You go skydiving and flying seems a lot less thrilling.
Or if you go to Japan and eat something that's still technically alive then trying a new item off of the Olive Garden menu is not particularly titillating. [I love that word.]
Anywho, needless to say this is my adventure.
And I'm surprising myself.

My ability to eat pastries? Not entirely unexpected or surprising, but there is something to be said for eating two croissants that are the size of my head regularly without growing weary of their buttery deliciousness.
That and my ability to eat whatever my host family puts in front of me for dinner- be it salmon or broccoli in yogurt and garlic sauce.

My inability to do academic work here?
Absolutely phenomenal.
School doesn't feel real, and when it was time for me to study my brain was all "why you read? you no watch danish tv?" and I was all "brain. remember this shit. for the love of Danish pastries."
Like, I for realsies can't like handle this stuff that's like real academics. My brain just like can't do it here.

But what surprised me the most so far is that for the first few weeks I got homesick.
Of course, I am a non-confrontational person and this includes facing my own emotions, so identifying and admitting to myself that I was actually missing Amurrica took some time.
And my subconscious definitely had some bipolar ideas of how to reveal these harbored feelings of homesickness.
I mean, I had confidently told my host family within the first week that I never really got homesick- because I never had.
And to admit that I might miss the same things at home that I had been so excited to be an ocean away from felt like an epic, loser-ish failure of a study abroad adventure.
But once I had, to borrow Samantha's Texan phrase, a 'come-to-Jesus' talk with myself, it seemed ridiculously more manageable and acceptable to have feelings, not just be homesick but actually express these things people have called feelings. [ask anyone that knows me or predominantly my mother, whom I am a mirror image of, and they can tell you that emotions, discussing or expressing them, are an area that, as a girl, I am particularly unsuccessful in]
To say something that could be found on a picture on Pinterest, being homesick just means that there are people and things worth missing back at home.
Like my dog, Taco Bell, and Virginia weather.

6:43am USA
12:43pm Denmark

Friday, February 17, 2012

...and then we each ate our own pizza.

The local pizza guys are the first Danes I've met who cannot speak a single lick of English.
And Callie and I were hungry.

I call the local pizza place and in my most innocent American voice say, "Hi! I'd like to order some pizza?" [oh yea, I went for the statement said in question form.]
Neither the first nor second man I speak with can understand English.
After telling me they would not make pizza for my lazy American ass presumably explaining that I should walk down to the restaurant and order there the curt gentleman says, "okay?"
A hesitant "Okay..."is my response.
He hangs up.

I text my host brother asking for help.
He calls and has a good chuckle at my trouble.
He tells me to walk down there and point to the menu at what I want, and if they don't understand the desperate gestures of a hungry American and her friend, then we could call him and he would translate to Danish for us.

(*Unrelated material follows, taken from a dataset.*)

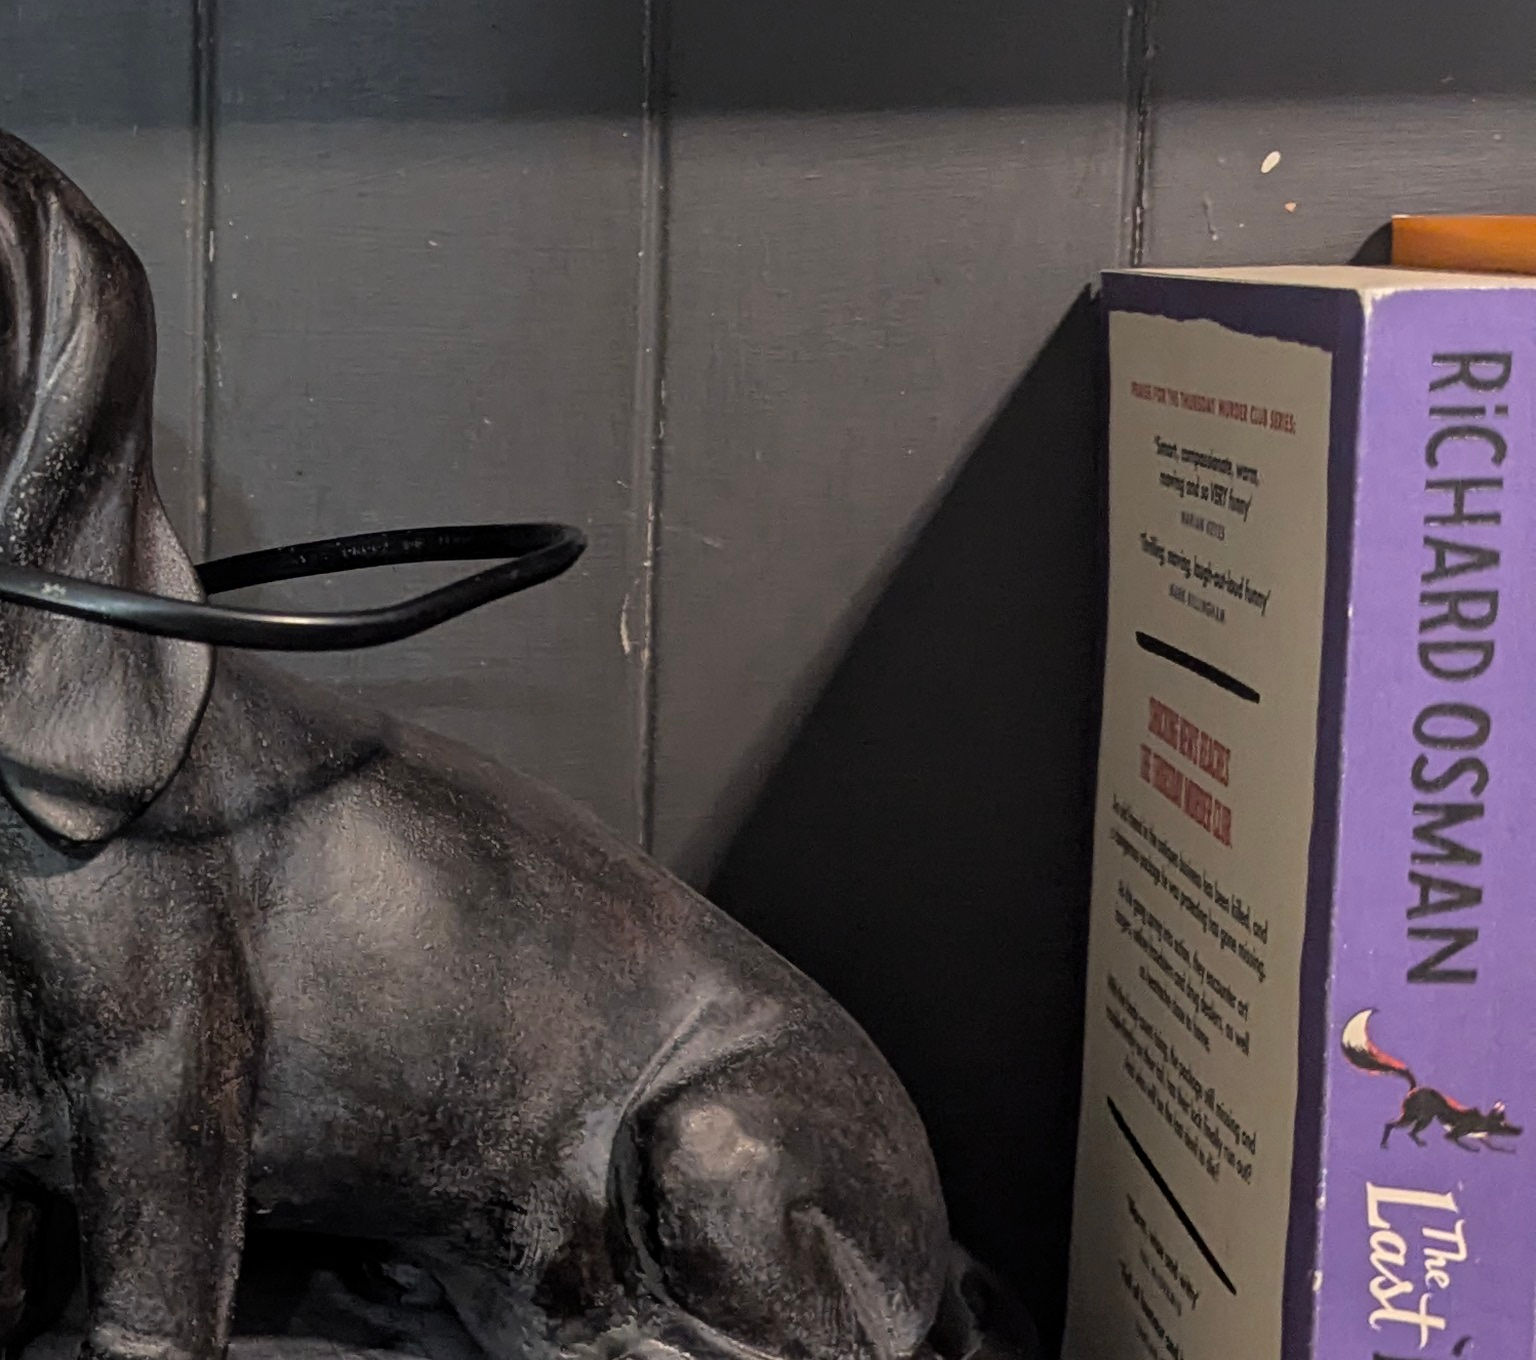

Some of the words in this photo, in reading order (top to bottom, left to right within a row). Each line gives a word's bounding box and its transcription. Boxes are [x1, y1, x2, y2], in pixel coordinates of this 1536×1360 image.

[1405, 701, 1492, 986] OSMAN
[1366, 1181, 1460, 1350] Last
[1422, 1219, 1468, 1291] The
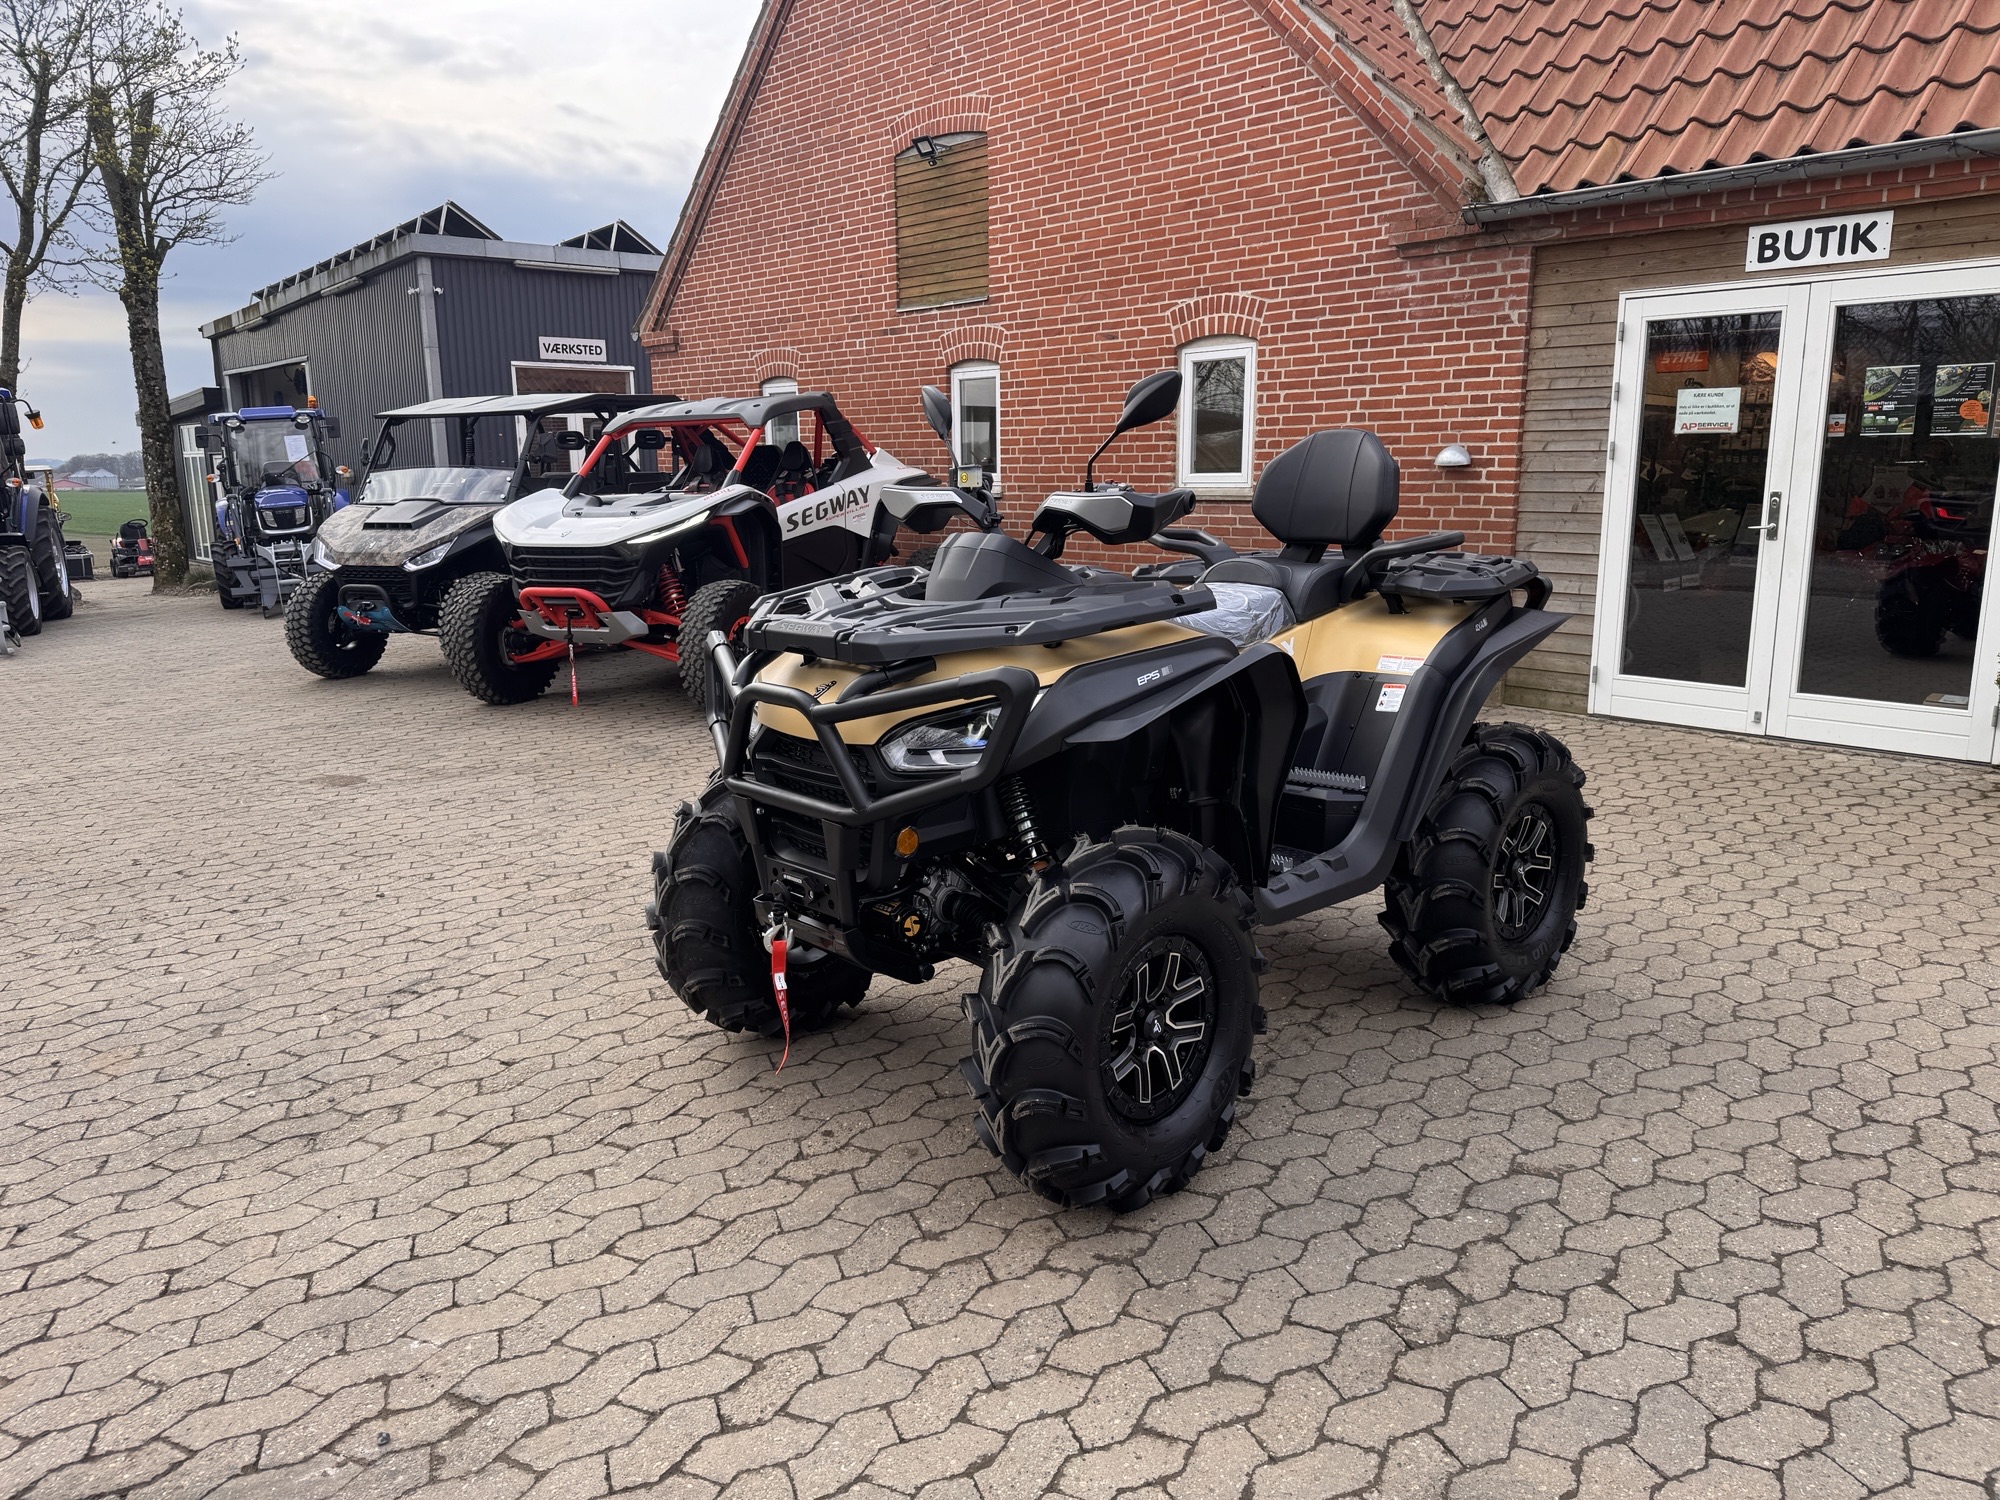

We venture down the block.
We enter a pizza parlor the size of my dorm room behind the red brick wall.
We are greeted with suspicion.
We act in earnest awkwardness.

I, very aware of my close proximity to the other six, staring customers in the small restaurant (if it were a pair of boobs, would be a proud member of the itty bitty titty committee) attempt to tell the only Dane I've met that doesn't speak English that I want two number ones.

The transaction is completed.

We listen to the music, speak in the quietest voices our American selves can muster, and wait for our pizza.

I mumble/silently say 'thank you' on our way out. [I was already afraid that they spit in our pizza, and they knew I didn't speak Danish and I know they didn't speak English and I didn't want to butcher a Danish thank you or offend them with an English one...even in a 10 second moment I managed to transcend the awkwardness and overthink it.]

The pizza was delicious, by the way.

Thursday, February 16, 2012

Facebook bought Angry Birds and I believe that Taco Bell should expand to Europe.

But for real.
The Angry Birds people are expecting to have 1 billion+ people using their game before the end of the year.
And a 5-layer burrito [no beans], a nacho supreme [no beans or tomatoes], and a chessy roll-up would satisfy my every craving right now.
And probably piss off my gallbladder.
But that'd be a risk I'm willing to take.

After an exhausting study tour, what better way to recover than hitting the bars?
Saturday night I ate a pizza dinner with the family, got my exhausted self into a debatably successful 'going out' outfit, and met up with Samantha in the city where I went with her to meet up with girls from her study tour (Callie met us there later).
On the way there Sam and I are approached, by car, by a pair of obviously chivalrous gentleman who drive slowly next to us in their car and say nothing.
Why speak when they obviously were interested in getting to know us on a personal level and see what kind of meaningful relationship this could turn in to thought we were hookers?
Thank God we were close to the apartment we were headed towards.
I didn't want to awkwardly explain to a Danish person, in English, that my body, was in fact, not for sale.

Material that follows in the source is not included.